On the way to its conclusion—which gives plenty a knowing wink to fans of meta-movies—what makes Get Shorty so enjoyable is how deftly it handles both the action and thrills of a crime drama and the punchy, unexpected rhythms of a comedy. Much of this is due to its excellent cast and crew. Director Barry Sonnenfeld, before he moved on to big-time blockbusters, had been the cinematographer for the Coen brothers and learned a few things from them about blending comedy and crime. Travolta and Lindo are joined by a great supporting cast, including the consummately pro fessional Gene Hackman, Danny DeVito in the title role, and Dennis Farina as Palmer’s rival. Catlett’s partner Bear, who plays a key role in the film’s denouement, is played by none other than James Gandolfini, four years before his debut as Tony Soprano.

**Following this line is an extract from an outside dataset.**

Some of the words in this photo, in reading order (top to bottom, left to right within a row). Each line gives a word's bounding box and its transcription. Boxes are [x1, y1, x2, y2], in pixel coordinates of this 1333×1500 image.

Crime comedies, and mob comedies in particular, tend to be a pretty dreary lot, but Sonnenfeld and his crew, given such a prime piece of source material, turn in a lively, entertaining example of how to do it right. Elmore Leonard is perfect for this sort of project. (And note that in 2010, the FX crime drama Justified—based on a Leonard short story and starring Deadwood veteran Timothy Olyphant, and strongly influenced by The Sopranos’ serial narrative revolution—debuted to universal praise.)

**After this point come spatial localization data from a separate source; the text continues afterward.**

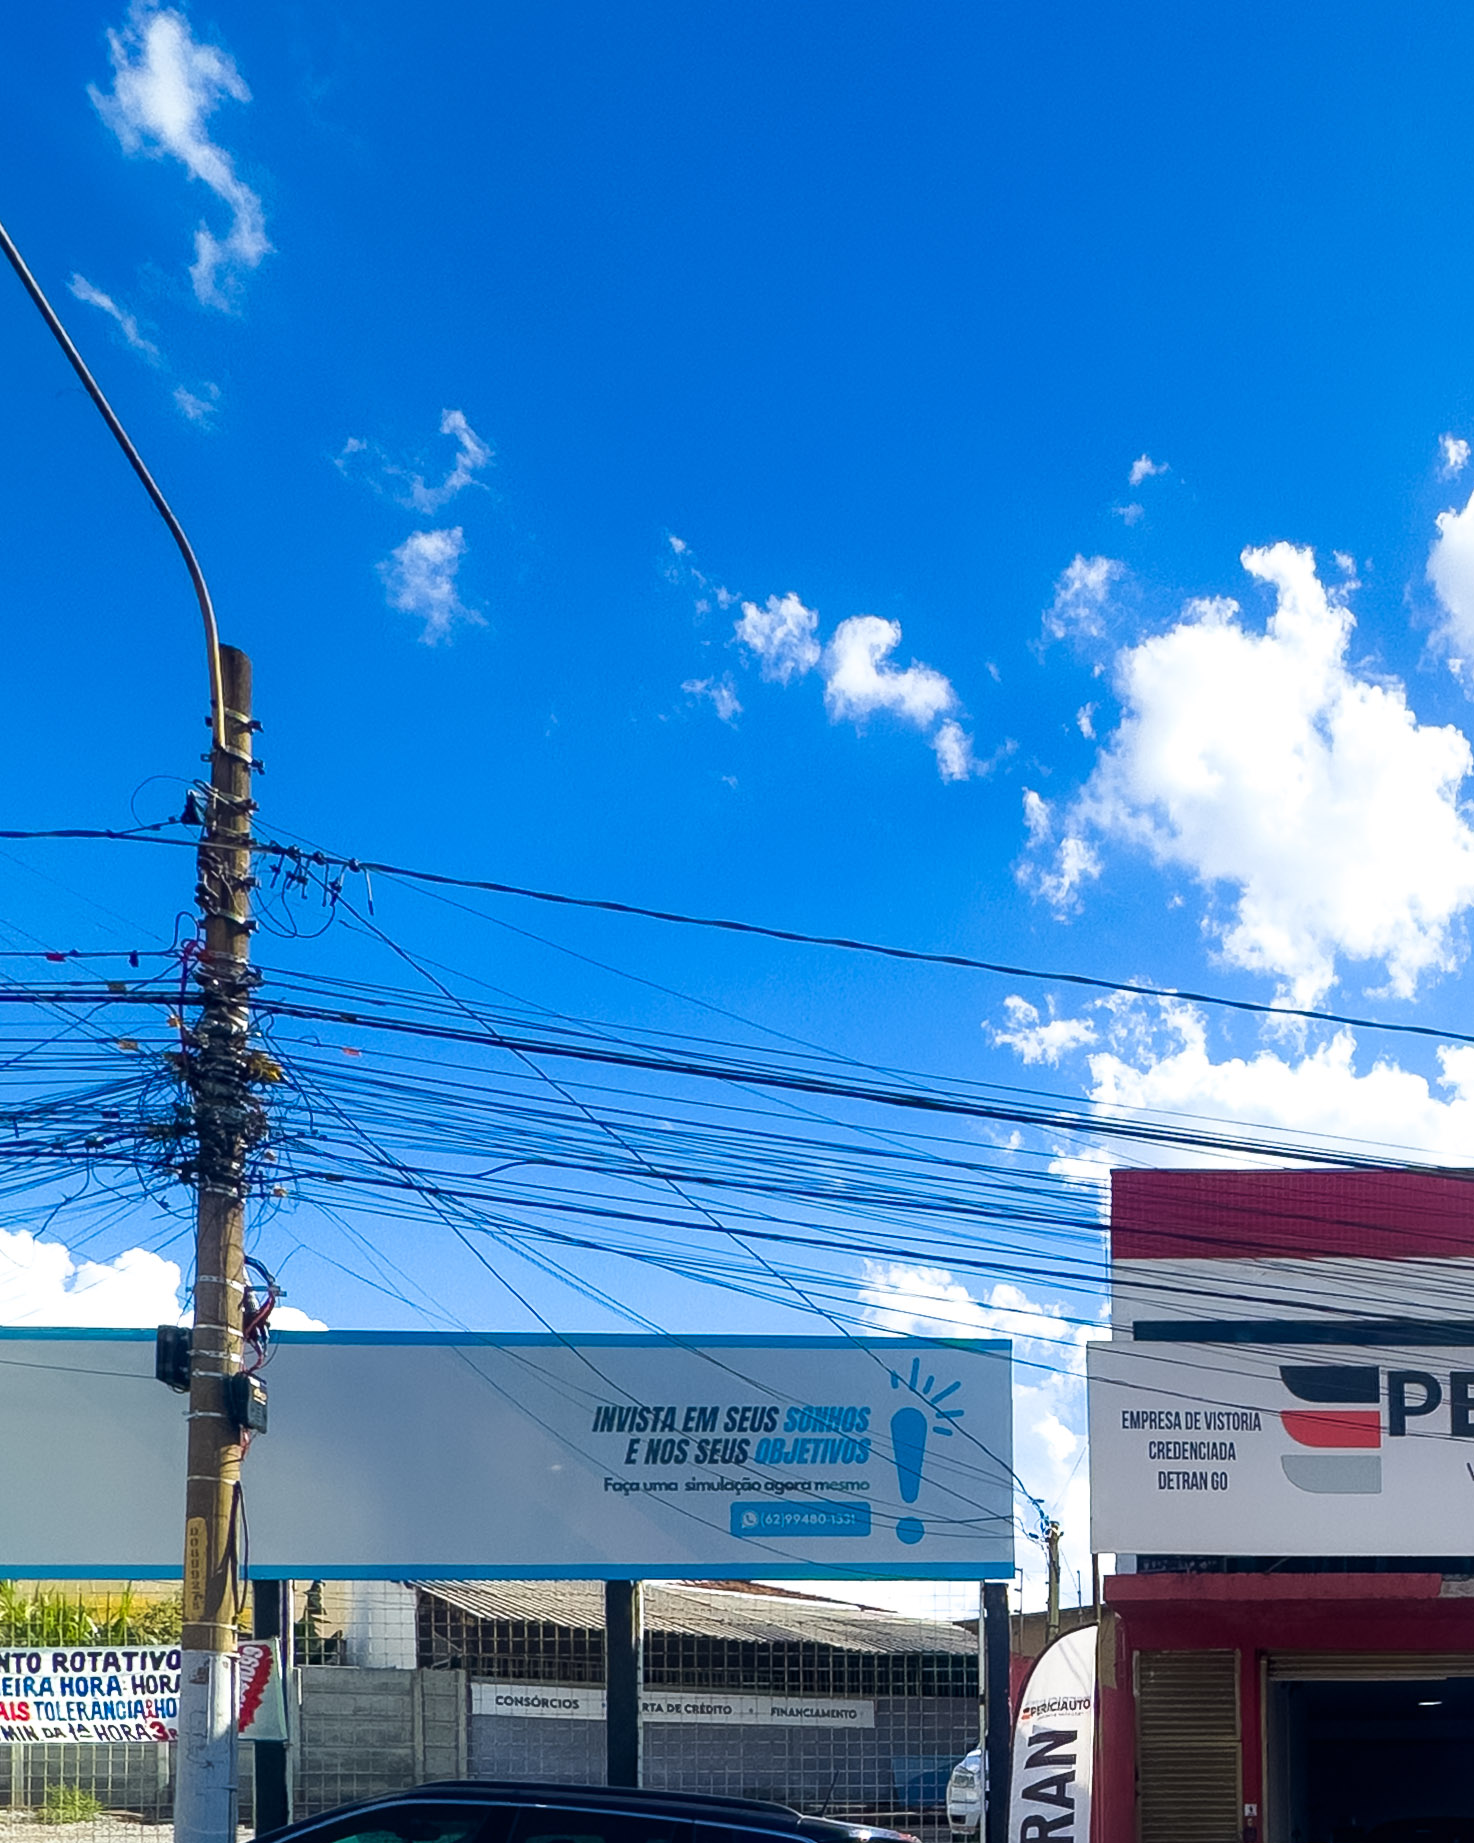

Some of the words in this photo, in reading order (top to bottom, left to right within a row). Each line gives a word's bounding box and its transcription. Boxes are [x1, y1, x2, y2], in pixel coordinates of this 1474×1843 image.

[592, 1406, 677, 1433] INVISTA
[682, 1406, 721, 1433] EM
[723, 1405, 780, 1433] SEUS
[783, 1406, 872, 1433] SONHOS
[1121, 1410, 1182, 1430] EMPRESA
[1185, 1411, 1201, 1430] DE
[1204, 1411, 1262, 1431] VISTORIA
[624, 1438, 641, 1465] E
[644, 1438, 690, 1465] NOS
[694, 1438, 751, 1465] SEUS
[754, 1438, 872, 1465] OBJETIVOS
[1149, 1440, 1237, 1460] CREDENCIADA
[604, 1477, 640, 1496] Faça
[643, 1481, 678, 1492] uma
[684, 1477, 761, 1496] simulação
[764, 1480, 812, 1495] agora
[815, 1480, 870, 1492] mesmo
[1158, 1471, 1208, 1490] DETRAN
[1210, 1471, 1228, 1491] GO
[52, 1649, 181, 1674] ROTATIVO
[494, 1695, 580, 1710] CONSÓRCIOS
[667, 1703, 682, 1715] DE
[684, 1701, 733, 1715] CRÉDITO
[1030, 1698, 1091, 1717] PERICIAUTO
[770, 1706, 858, 1720] FINANCIAMENTO
[93, 1723, 153, 1742] HORA

If You Like The Sopranos… is the first book that starts with Tony and the gang in their humble homes in the Garden State and explores the astonishing amount of great films, TV shows, and other pop-culture wonders that any fan of the Sopranos will love. From The Godfather andBonnie and Clyde to The Wire, to lesser-known noirs, Jimmy Cagney classics, contemporary HBO dramas, Martin Scorsese’s best work, and even the rock’n’roll that inspired the classicSopranos soundtrack, this is the one book that every fan needs if he or she ever has to go on the lam.
Posted on June 21, 2013, in Film & TV and tagged excerpt, gandolfini tribute, james gandolfini, james gandolfini death, Leonard Pierce, Limelight Editions, sopranos, The Sopranos, Tony Soprano. Bookmark the permalink. Leave a comment.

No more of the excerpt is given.